(Montréal) Le principal syndicat de fonctionnaires au Québec dénonce le peu de préavis qui a été donné à ses membres qui ont été appelés par le gouvernement Legault à travailler temporairement comme aides de service, pour alléger la tâche des travailleurs de la santé.

Publié le 17 janvier
Lia Lévesque La Presse Canadienne

Le président général du Syndicat de la fonction publique et parapublique du Québec (SFPQ), Christian Daigle, affirme que ses communications à cet effet avec le Conseil du trésor n’ont eu lieu que vendredi dernier. Et c’est dimanche qu’il affirme avoir appris que ses membres avaient jusqu’à lundi soir pour manifester leur intérêt.

« On nous demande une réponse pour aujourd’hui [lundi]. Alors l’improvisation, je pense qu’elle est encore présente au niveau du gouvernement. Ils auraient pu faire preuve d’un peu plus de prévoyance, pour qu’on puisse se revirer de bord, puis analyser la situation », a critiqué M. Daigle, en entrevue lundi.

Québec a lancé un appel aux fonctionnaires pour qu’ils puissent occuper temporairement un poste d’aide de service. Quelque 2100 personnes seraient requises, les besoins variant passablement d’une région à l’autre, rapporte M. Daigle.

Ces aides de service feraient du nettoyage, de la désinfection, du ménage. Ceux qui acceptent seraient libérés de leurs tâches habituelles et pourraient toucher une prime COVID-19, a précisé M. Daigle.
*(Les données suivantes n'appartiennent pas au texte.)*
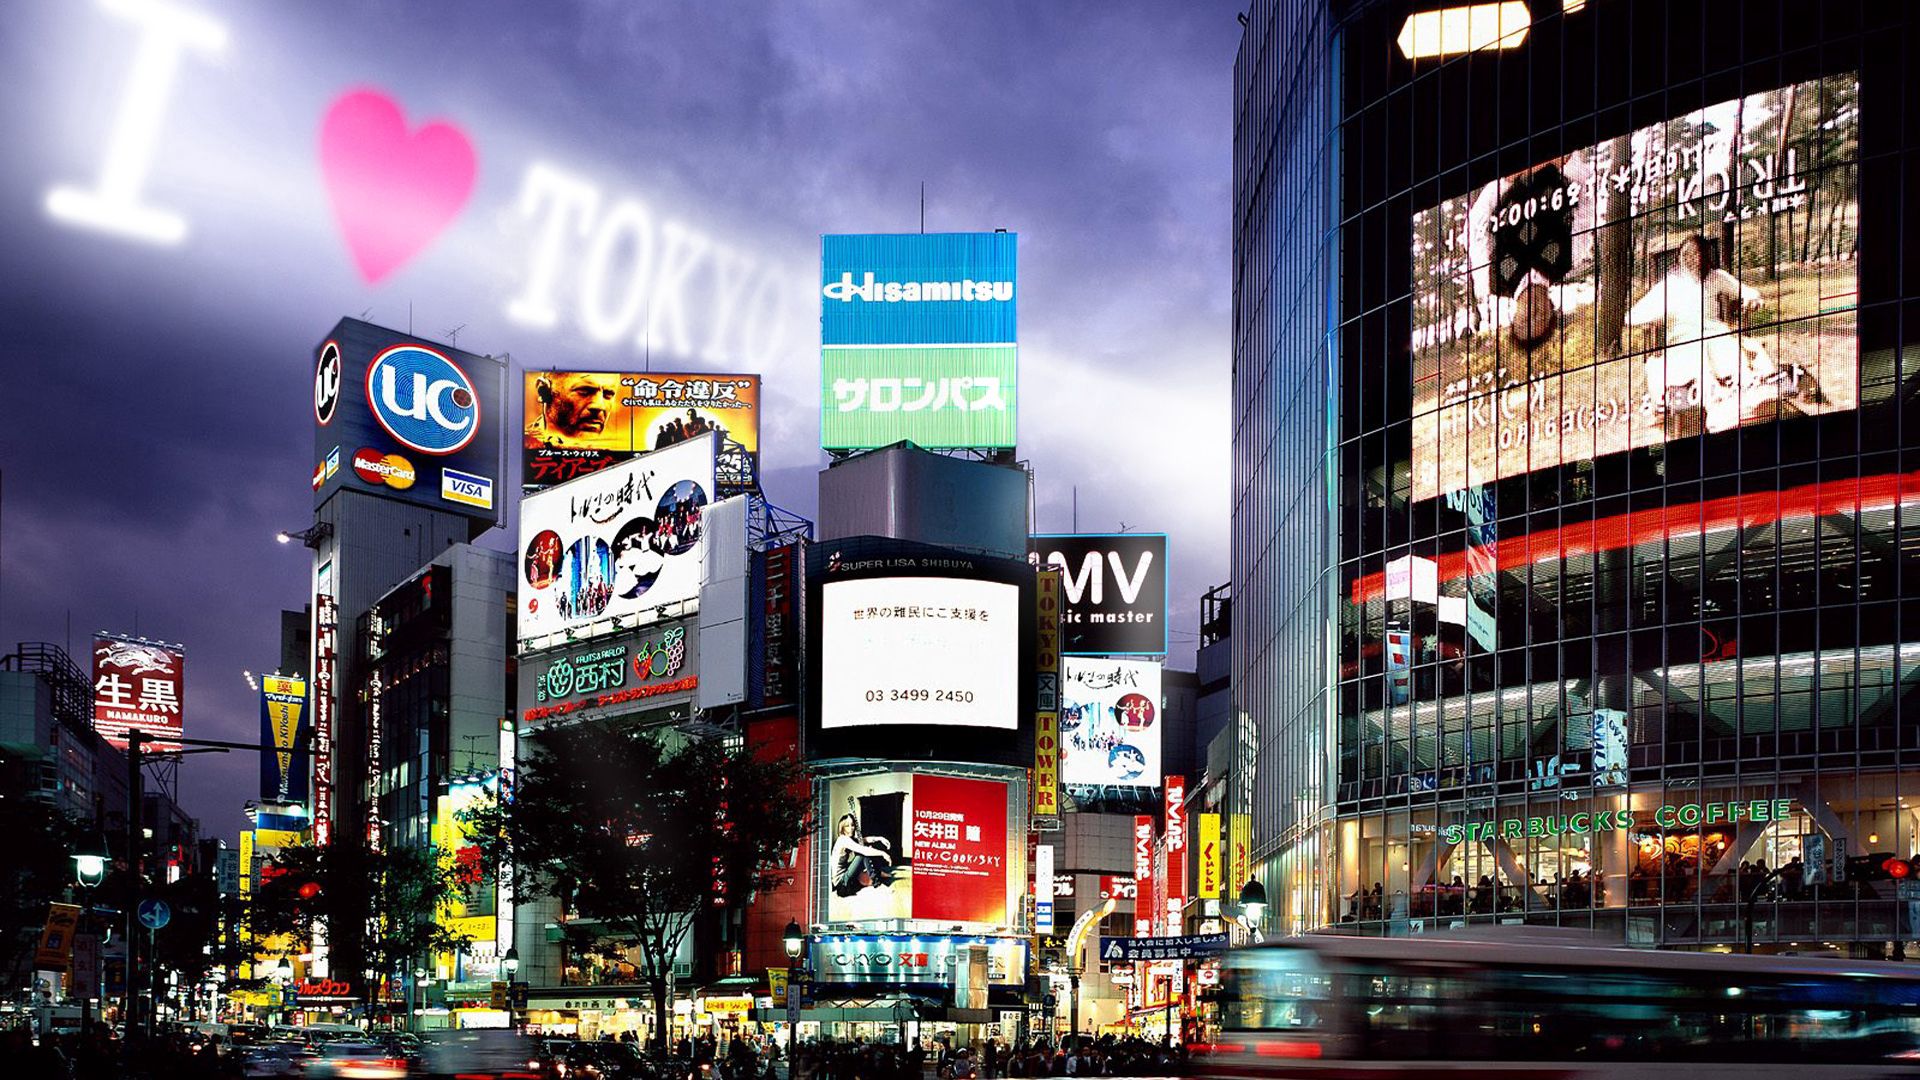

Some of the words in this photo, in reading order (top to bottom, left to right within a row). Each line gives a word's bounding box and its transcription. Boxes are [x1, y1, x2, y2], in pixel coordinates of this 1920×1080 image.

[823, 271, 1013, 302] Hisamitsu
[832, 376, 1006, 412] サロンパス
[354, 457, 416, 481] MasterCard
[451, 480, 483, 498] VISA
[841, 559, 883, 572] SUPER
[887, 559, 916, 567] LISA
[921, 559, 974, 570] SHIBUYA
[1029, 550, 1154, 605] MV
[1039, 578, 1056, 668] TOKYO
[1090, 611, 1154, 623] master
[575, 658, 625, 693] 西村
[94, 673, 179, 715] 生黒
[866, 690, 884, 702] 03
[890, 689, 929, 701] 3499
[935, 690, 974, 703] 2450
[1038, 676, 1055, 710] 文庫
[106, 710, 169, 724] NAMAKURO
[279, 740, 289, 794] Matsumoo
[1037, 717, 1055, 806] TOWER
[914, 820, 959, 841] 矢井田
[1167, 786, 1184, 852] さくらや
[1446, 809, 1635, 845] STARBUCKS
[1655, 799, 1792, 829] COFFEE
[898, 952, 929, 968] 文庫
[935, 953, 1007, 970] TOER
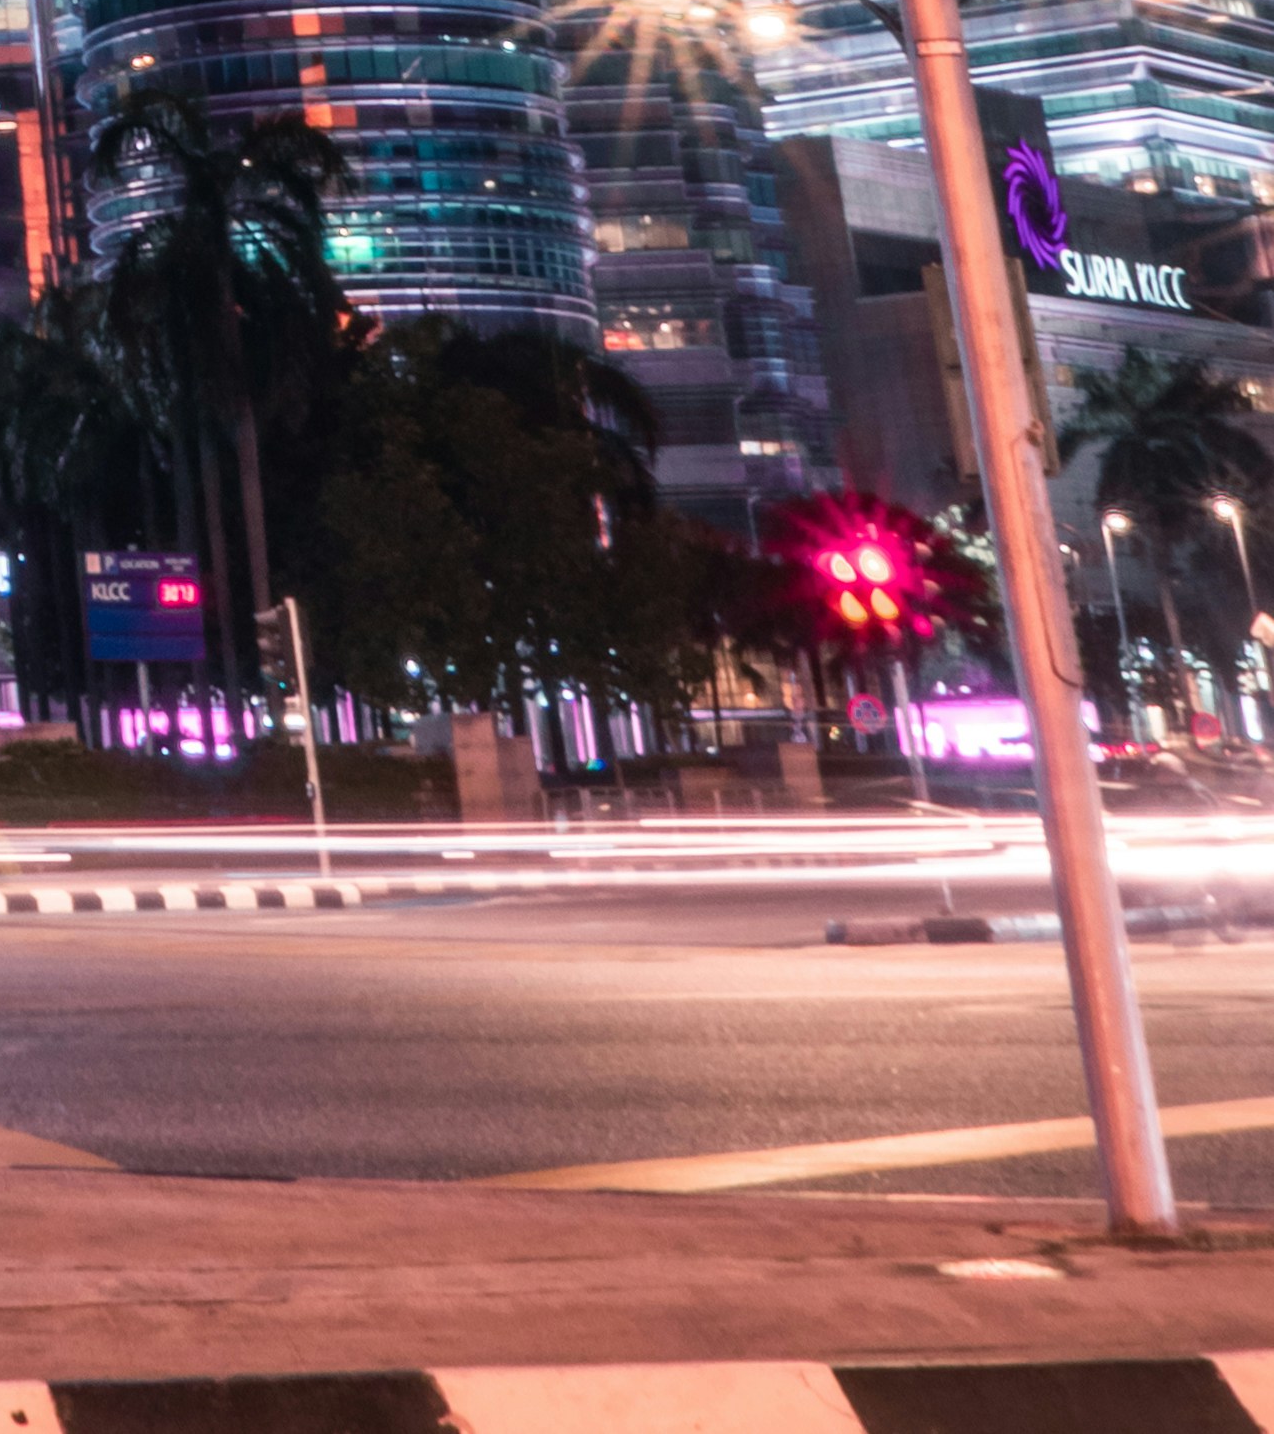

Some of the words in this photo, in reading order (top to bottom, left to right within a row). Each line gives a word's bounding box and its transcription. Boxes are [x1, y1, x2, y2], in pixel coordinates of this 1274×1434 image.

Le président général du SFPQ affirme n’avoir rien contre l’idée. Il ne peut dire combien de ses membres pourraient être intéressés par l’offre et combien pourraient effectivement le faire, compte tenu de leurs fonctions actuelles.

« De mon côté, bon nombre des membres que je représente sont dans les services essentiels : on pense présentement au déneigement des routes, avec des ouvriers, on parle des répartiteurs, des gens qui sont préposés aux télécommunications avec la Sûreté du Québec, tous les gens qui sont aux palais de justice aussi. Présentement, même dans les autres ministères, on est en manque d’effectifs. Je suis en sous-effectifs par rapport à ce que je devrais avoir dans bon nombre de ministères et organismes et là, on me demande d’envoyer des gens en plus dans le réseau de la santé », fait-il valoir.

Il rapporte avoir suggéré de faire d’abord appel à des travailleurs saisonniers qui ne sont présentement pas au travail, comme ceux de la SEPAQ (Société des établissements de plein air), par exemple, mais affirme ne pas avoir obtenu de réponse.

M. Daigle ajoute que lors de la première vague, plusieurs de ses membres avaient accepté de venir en renfort.

Il aurait toutefois apprécié des remerciements publics envers ses membres fonctionnaires. « Jamais on a eu cette considération-là de la part du premier ministre », a déploré le président général du SFPQ.

Le SFPQ, un grand syndicat indépendant des centrales, représente 27 000 membres dans la fonction publique québécoise et 4000 ouvriers dans les différents ministères et organismes. Il a aussi des membres à la SEPAQ et à Revenu Québec.